BLUE RIBBON PINTO BEANS 
Once you try this method of cooking pinto beans, you will never pre-soak again! My deceased Mother-in-law was an excellent cook and she taught me how to cook pintos.

1 lb. bag dried pinto beans
salt (to taste)
canola oil
large onion, chopped

Look over Pinto Beans and remove rocks and imperfect beans, wash well and drain. Place in large boiling pot with a good thick bottom, like Club Aluminum Dutch Oven with lid.

Important: Do not pre-soak beans!!

Cooking in this way will cause them to become a beautiful reddish color in a thick soup.

Place beans in a pot of water filled almost to the top. Bring beans to a boil and reduce heat to medium/low. They will continue to cook and you will have to add more HOT water until beans are tender. When tender, add salt to taste, 2 tablespoons canola oil and one large chopped onion.

Continue to simmer...as soup begins to thicken you may have to lower temperature. Be sure that there is an adequate amount of water, cooking down to make a thick red soup.
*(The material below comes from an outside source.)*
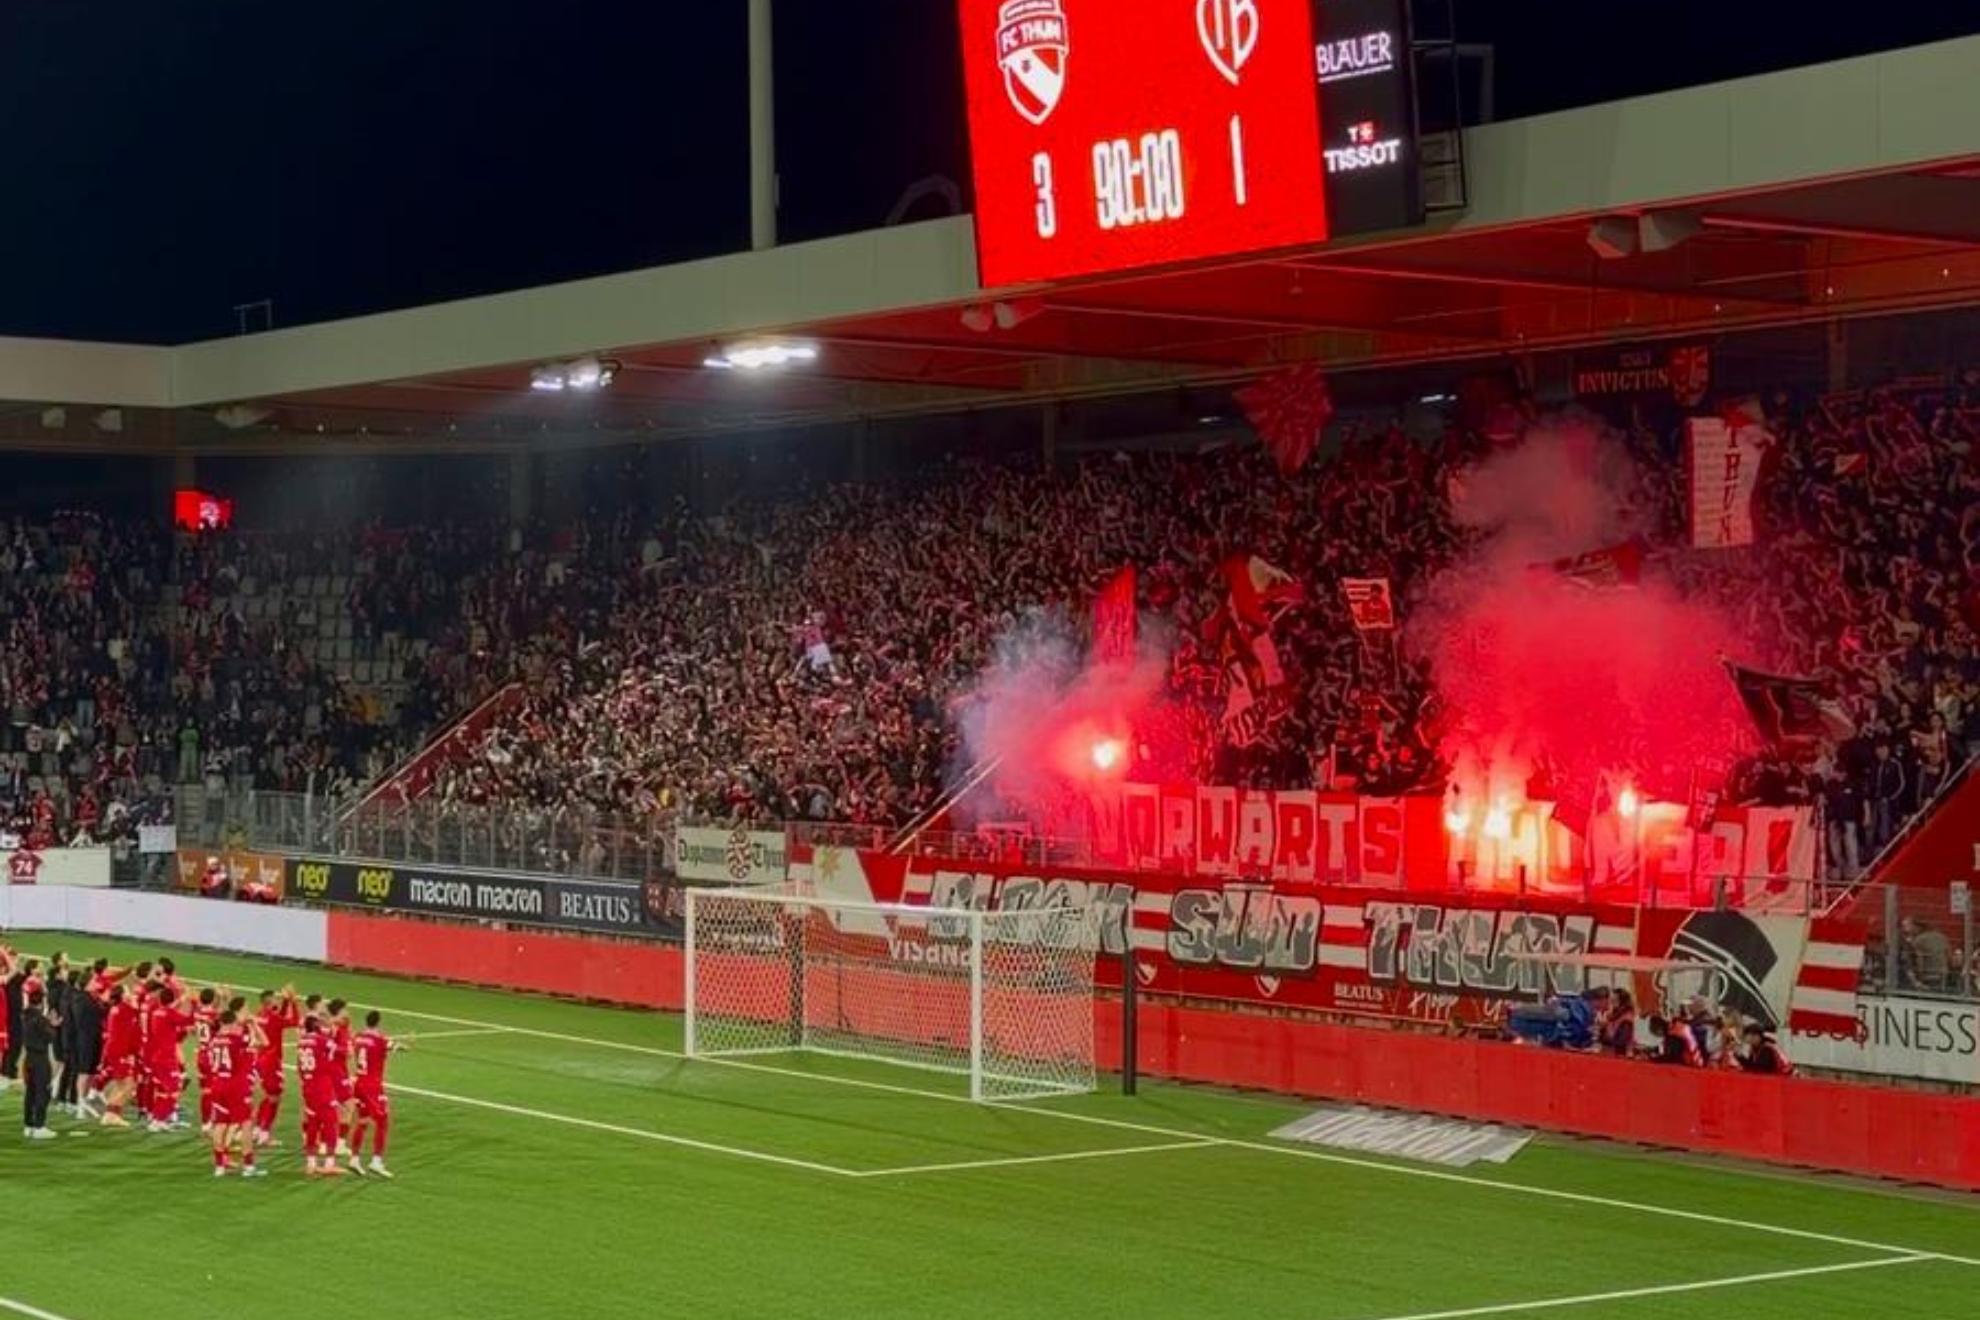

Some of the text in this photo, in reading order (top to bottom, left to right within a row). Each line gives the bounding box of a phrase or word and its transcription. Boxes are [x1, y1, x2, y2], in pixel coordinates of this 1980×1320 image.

When done, (about 3 hours later) cook the juice down. You can remove the lid when the beans are done and turn the temperature back up to cook down the soup.

Enjoy!!

Submitted by: Jewel

recipe reviews
Blue Ribbon Pinto Beans
 #8756
 Heidi says:
This is soooo good! Finally I know how to cook pinto beans in a delicious way.
 #9364
 Lars says:
Pre-soaking beans is a plus not a minus. Makes them more digestable.
 #10548
 Lisa replies:
I agree with Lars. My mom does the non-soak method and I would rather not eat them due to the digesting after effect.
 #33549
 Robert (Louisiana) says:
You can add a cube of chicken boulion while cooking for added flavor and put a pinch of baking soda for the digesting effect.
 #41955
 Avis (Georgia) says:
You can also add a potatoe to soak up some of the "gases" of the pintos. And I have added beef boulion to pintos. Just cut back on the amount of salt that you add.
 #44016
 Char (Maryland) says:
Great recipe, I use salt pork strips in place of canola oil, definetly a great recipe, thanks for sharing!
 #47071
 Mona (Oregon) says:
These beans sound great. I can't wait to try them. By the way, the gas doesn't come from the beans themselves so putting a potato in with them won't do anything. The gas comes from the bacteria living in your gut as they digest the cellulose which humans are incapable of breaking down. :)
 #184964
 Jo (Rhode Island) replies:
The gas is from the beans. Baking soda and pre soaking work.
Biologist.
   #50349
 Jana (Alabama) says:
GREAT recipe. I've made it a several times now and perfect each time. Can leave it as simple but flavorful pintos or add spices, tomotoes, peppers and meat to make a great chili. I like to make a couple of pounds of beans at a time and freeze some to use later like canned beans. Freezes beautifully and very economical.
   #66230
 Pappy Bill (Kentucky) says:
This is great - love the soupy consistency, I added a can of diced tomatoes to mine but left out the oil and added a pack of Goya ham flavored concentrate plus a clove of garlic cut up. Yummy Yummy
   #73145
 Jean (Texas) says:
I cooked these beans just like it said and they are WONDERFUL. As a rule I don't eat pinto beans but my husband loves them but these I loved. We did enjoy!!
   #74940
 Ken Williams (Alabama) says:
Yes. the beans will cook this way, but the gas does come from the complex carbs in the beans. in the initial soak, many of the indigestible carbs leech out. Discarding this first water make the beans easier to digest because those carbs are discarded. Pre-soaking is an important step for good healthy beans. Studies show that very little of the nutrients are lost using this method. IMO it's a good trade off.
 #76216
 Valerie (California) says:
Try adding a can of Rotel to the recipe and 3-4 strips of hickory bacon instead of oil.
 #80908
 Laura (California) says:
Another great addition during cooking is a hamhock. If you don't have the time to stay home during the cooking process you can place them in a crock-pot and increase the cooking time for up to 8 hours. I have been doing this method for years.
 #82720
 Caraway (Texas) says:
Yes! This is awesome... I cooked the ground meat, onions, brown sugar, soy sauce, and chives together and dumbed it in the beans during last 30 minutes (that mixture goes well with potato salad as well).
 #90221
 Barb (Minnesota) says:
This is not the proper way to cook pinto beans. I am from the deep south. You pick them and then soak them. You use meat i.e. (neck bones, turkey tails, ham hock or even pig feet or steak), also black pepper, a tad bit of sugar and of course salt. You cook them kind of slow and you watch them from time-to-time in case they need water or you can cook them in a crock pot even.
   #102978
 Elaine (Texas) says:
My MIL, born and raised in AR, 5 star cook, always soaked beans. This recipe is good, but I like soaked better.